En la parroquia de San Sebastián.
El Teatro y la Iglesia ó la Iglesia y el Teatro--las señoras
primero--aunque alguna vez hayan andado á la greña, en el fondo han
sido siempre buenos amigos. No es preciso remontarse á los orígenes
del teatro ni á la representación de los Autos Sacramentales para
demostrarlo. La capilla de la Virgen de la Novena, que el fervor de
nuestros actores costea y sostiene sin decaimiento de su original
esplendor, lo atestigua bien claramente hoy en día.
En esta Semana Santa, con su decoración teatral y la presencia de
nuestras más bellas actrices, la capilla de la Novena ha conseguido
la mejor entrada. Los devotos tal vez se escandalicen; pero, nada
importaría que los templos tuvieran algo de teatro, si los teatros
alguna vez tuvieran algo de templo.
[Ilustración]


V

La capa, la española capa, prenda inseparable de la mantilla, en todo
canto al españolismo, parecía desmentir hasta ahora, el mayor apego
en la mujer á lo tradicional y castizo; pues mientras sobre femeniles
cabezas pasaron mil hechuras de sombreros, relegada la mantilla á
fiestas de religión ó de tauromaquia--los extremos se tocan y las
tradiciones se semejan,--la capa persistía con firmeza, gallardeando
sobre varoniles hombros, en amistosa alternativa con toda clase de
abrigos, nobles y plebeyos; desde el gabán aforrado en nutrias ó martas
cibelinas, á la bufanda con honores de manta.
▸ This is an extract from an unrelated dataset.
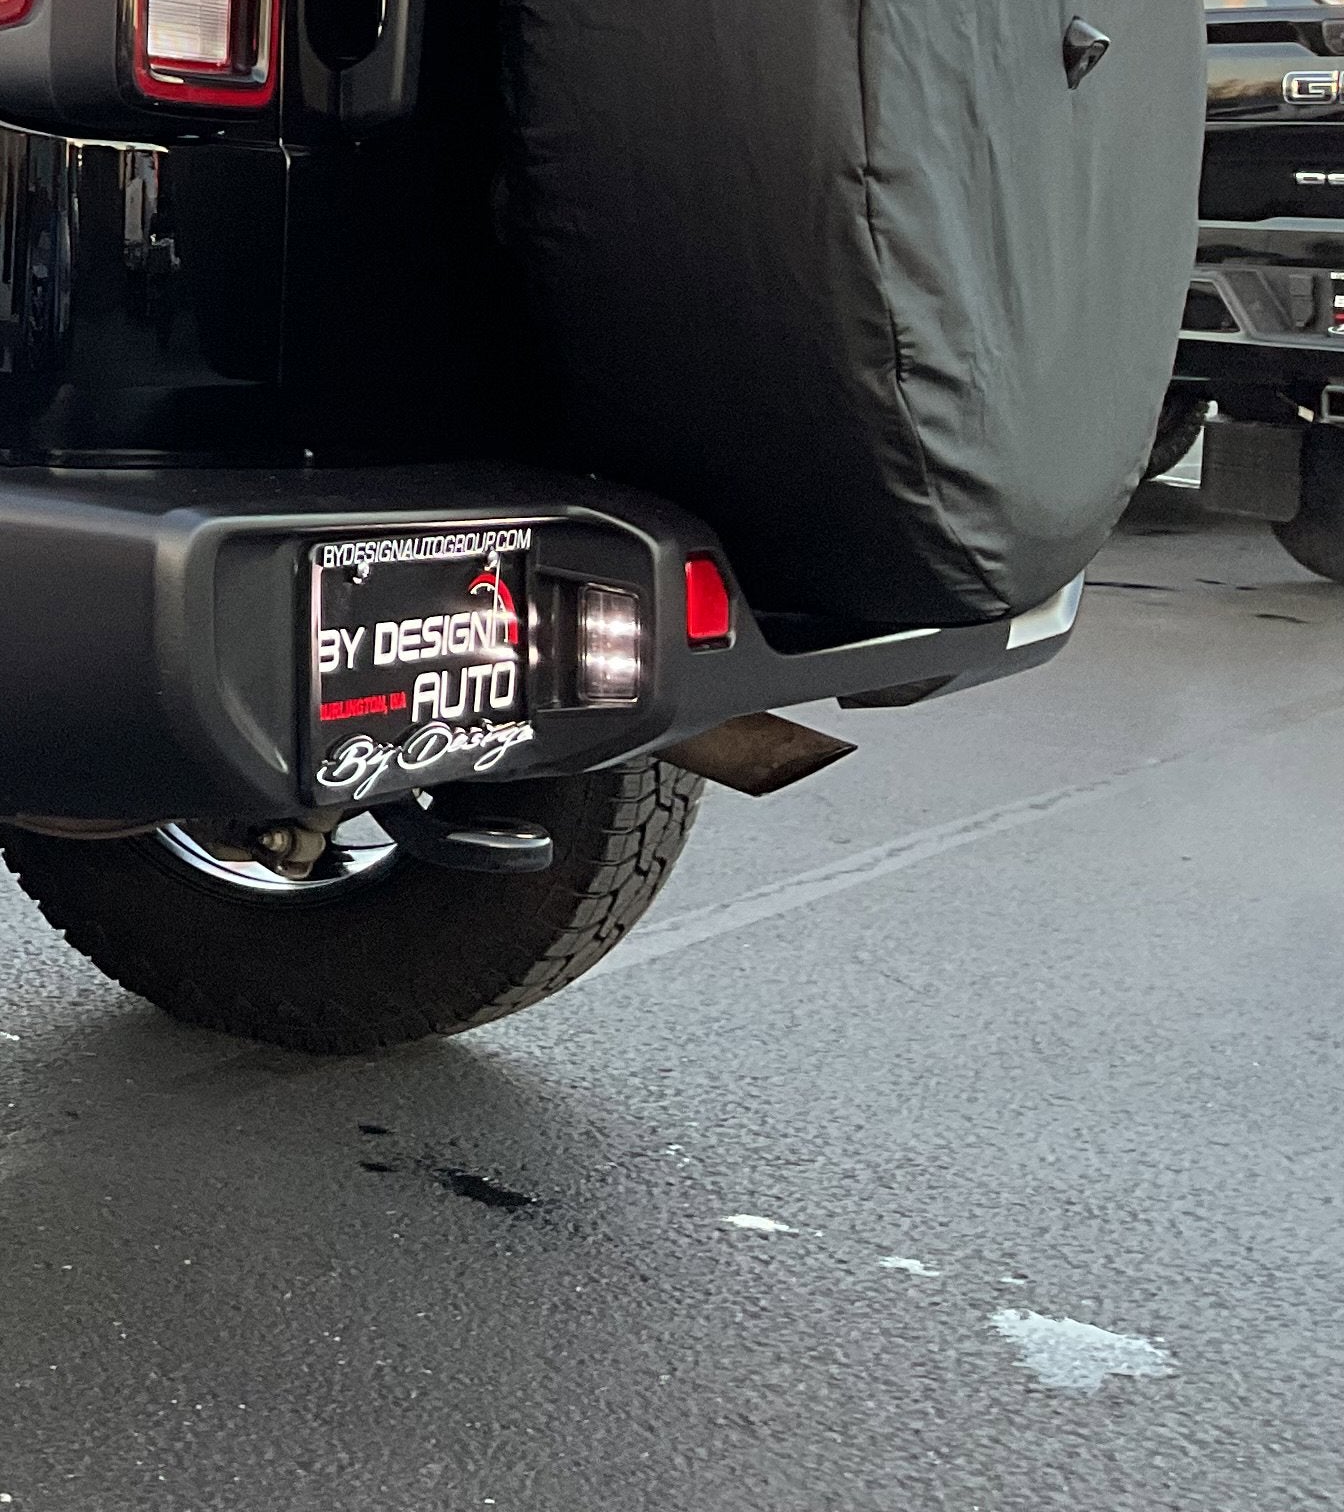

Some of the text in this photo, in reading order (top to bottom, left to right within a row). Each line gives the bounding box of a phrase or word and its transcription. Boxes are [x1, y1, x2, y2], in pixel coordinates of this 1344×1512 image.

[318, 609, 494, 673] BY DESIGN
[411, 660, 516, 723] AUTO
[316, 737, 396, 800] By
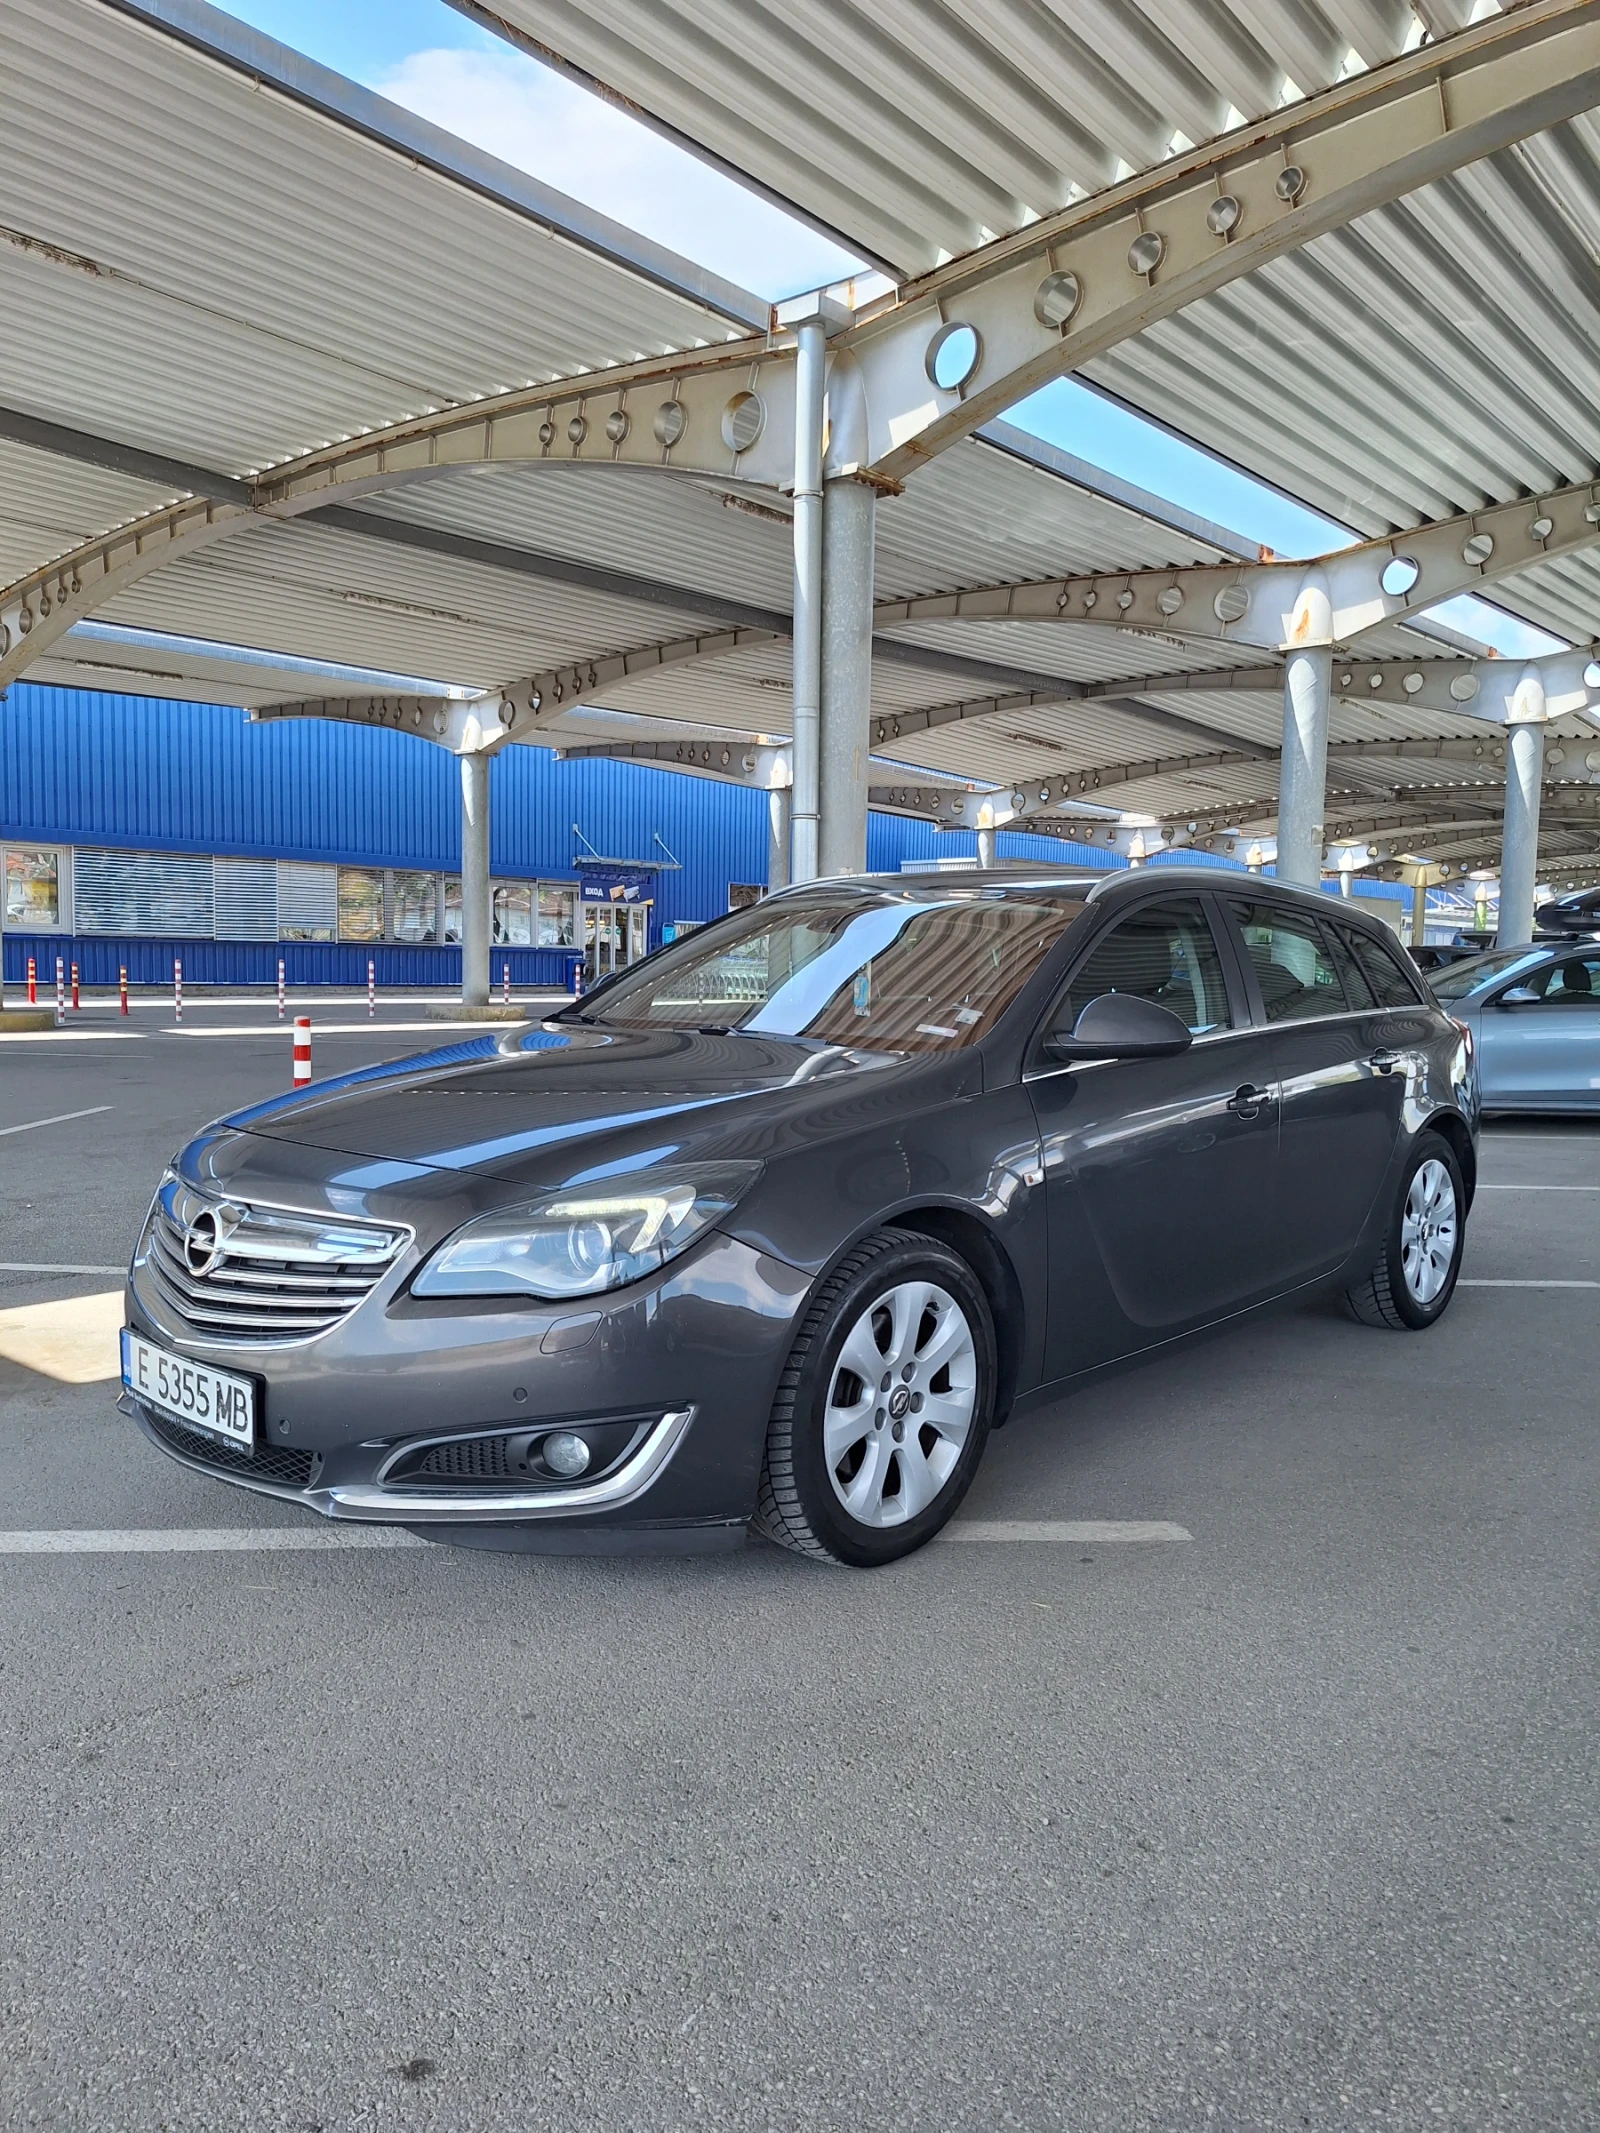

Y, en este invierno, sin prescripciones de la moda, ni de la higiene,
la hemos visto de pronto desaparecida; tan de pronto, que mal puede
decirse que la hemos visto desaparecer.
Y el pueblo; el último baluarte siempre del casticismo pintoresco, en
lenguaje, vestidos y costumbres, ha sido el primero en desecharla,
sustituyéndola por la zamarra; prenda sin carácter, sin gracia, sin
historia, sin nacionalidad.
¿Habrán influído las recientes disposiciones sobre las casas de
préstamos, con la menor facilidad en la pignoración, al desprestigio
y abandono de la clásica prenda, considerada antes como un billete de
Banco, valor al portador?
¿Será que todas las capas madrileñas padecían cautividad, y el negarse
los prestamistas á la renovación de papeletas, ha hecho imposible el
rescate en esta temporada de invierno?
Si así fuera, esperemos el saldo del año próximo, que volverá á
ponerlas al alcance de todas las fortunas, sin menoscabo de la de sus
actuales poseedores. ¡Habrá capa que pudiera estar bordada en oro, si á
enriquecerla con tal adorno se hubiera aplicado el interés cobrado en
tantas renovaciones!
Pero, si la causa no fuera esta y la zamarra triunfara en definitiva,
como prenda de abrigo popular, entonces la capa no tardaría en ser el
abrigo aristocrático, y por imitación volvería á serlo de la clase
media, y por fin volvería á ser el de las clases populares, deseosas
siempre de igualarse con los de arriba, mientras éstos quisieran
diferenciarse de todos.
¿No están recientes las luchas y protestas de los camareros de café,
hasta conseguir les fuera permitido el uso del bigote, por considerar
como signo deprimente de servilismo la cara rasurada? Y he aquí, al
poco tiempo, que ya son los mozos de café los únicos que llevan bigote,
y todo pelo en la cara es anatematizado por la distinción y por la
higiene. Ni una ni otra son señoras muy de fiar, por lo veleidosas.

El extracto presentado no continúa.